Collected data
⟨
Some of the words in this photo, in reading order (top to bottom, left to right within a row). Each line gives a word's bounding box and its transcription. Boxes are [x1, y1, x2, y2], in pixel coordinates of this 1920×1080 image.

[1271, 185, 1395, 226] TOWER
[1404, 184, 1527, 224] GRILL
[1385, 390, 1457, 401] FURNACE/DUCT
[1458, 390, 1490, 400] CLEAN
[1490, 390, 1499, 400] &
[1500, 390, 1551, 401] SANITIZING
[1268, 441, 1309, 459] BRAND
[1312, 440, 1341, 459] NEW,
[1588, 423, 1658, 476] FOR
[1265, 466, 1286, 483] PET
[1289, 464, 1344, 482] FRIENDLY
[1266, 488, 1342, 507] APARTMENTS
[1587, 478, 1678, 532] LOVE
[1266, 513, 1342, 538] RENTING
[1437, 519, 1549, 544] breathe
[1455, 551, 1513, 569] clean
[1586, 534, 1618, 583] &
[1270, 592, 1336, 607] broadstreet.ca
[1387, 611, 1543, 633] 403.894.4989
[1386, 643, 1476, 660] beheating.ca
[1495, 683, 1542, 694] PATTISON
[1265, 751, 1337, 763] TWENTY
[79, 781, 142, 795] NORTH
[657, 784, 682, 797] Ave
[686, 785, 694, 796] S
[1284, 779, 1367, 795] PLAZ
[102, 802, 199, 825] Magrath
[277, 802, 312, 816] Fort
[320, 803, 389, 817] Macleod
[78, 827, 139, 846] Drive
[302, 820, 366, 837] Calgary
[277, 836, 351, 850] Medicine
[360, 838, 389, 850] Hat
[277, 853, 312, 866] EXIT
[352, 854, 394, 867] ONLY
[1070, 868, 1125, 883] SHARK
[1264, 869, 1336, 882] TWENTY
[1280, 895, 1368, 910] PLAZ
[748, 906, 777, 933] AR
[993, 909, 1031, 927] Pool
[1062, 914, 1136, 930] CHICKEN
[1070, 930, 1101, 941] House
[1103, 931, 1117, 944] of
⟩
For this exercise, repeat the data above exactly.

■ **Your solution**:
Some of the words in this photo, in reading order (top to bottom, left to right within a row). Each line gives a word's bounding box and its transcription. Boxes are [x1, y1, x2, y2], in pixel coordinates of this 1920×1080 image.

[1271, 185, 1395, 226] TOWER
[1404, 184, 1527, 224] GRILL
[1385, 390, 1457, 401] FURNACE/DUCT
[1458, 390, 1490, 400] CLEAN
[1490, 390, 1499, 400] &
[1500, 390, 1551, 401] SANITIZING
[1268, 441, 1309, 459] BRAND
[1312, 440, 1341, 459] NEW,
[1588, 423, 1658, 476] FOR
[1265, 466, 1286, 483] PET
[1289, 464, 1344, 482] FRIENDLY
[1266, 488, 1342, 507] APARTMENTS
[1587, 478, 1678, 532] LOVE
[1266, 513, 1342, 538] RENTING
[1437, 519, 1549, 544] breathe
[1455, 551, 1513, 569] clean
[1586, 534, 1618, 583] &
[1270, 592, 1336, 607] broadstreet.ca
[1387, 611, 1543, 633] 403.894.4989
[1386, 643, 1476, 660] beheating.ca
[1495, 683, 1542, 694] PATTISON
[1265, 751, 1337, 763] TWENTY
[79, 781, 142, 795] NORTH
[657, 784, 682, 797] Ave
[686, 785, 694, 796] S
[1284, 779, 1367, 795] PLAZ
[102, 802, 199, 825] Magrath
[277, 802, 312, 816] Fort
[320, 803, 389, 817] Macleod
[78, 827, 139, 846] Drive
[302, 820, 366, 837] Calgary
[277, 836, 351, 850] Medicine
[360, 838, 389, 850] Hat
[277, 853, 312, 866] EXIT
[352, 854, 394, 867] ONLY
[1070, 868, 1125, 883] SHARK
[1264, 869, 1336, 882] TWENTY
[1280, 895, 1368, 910] PLAZ
[748, 906, 777, 933] AR
[993, 909, 1031, 927] Pool
[1062, 914, 1136, 930] CHICKEN
[1070, 930, 1101, 941] House
[1103, 931, 1117, 944] of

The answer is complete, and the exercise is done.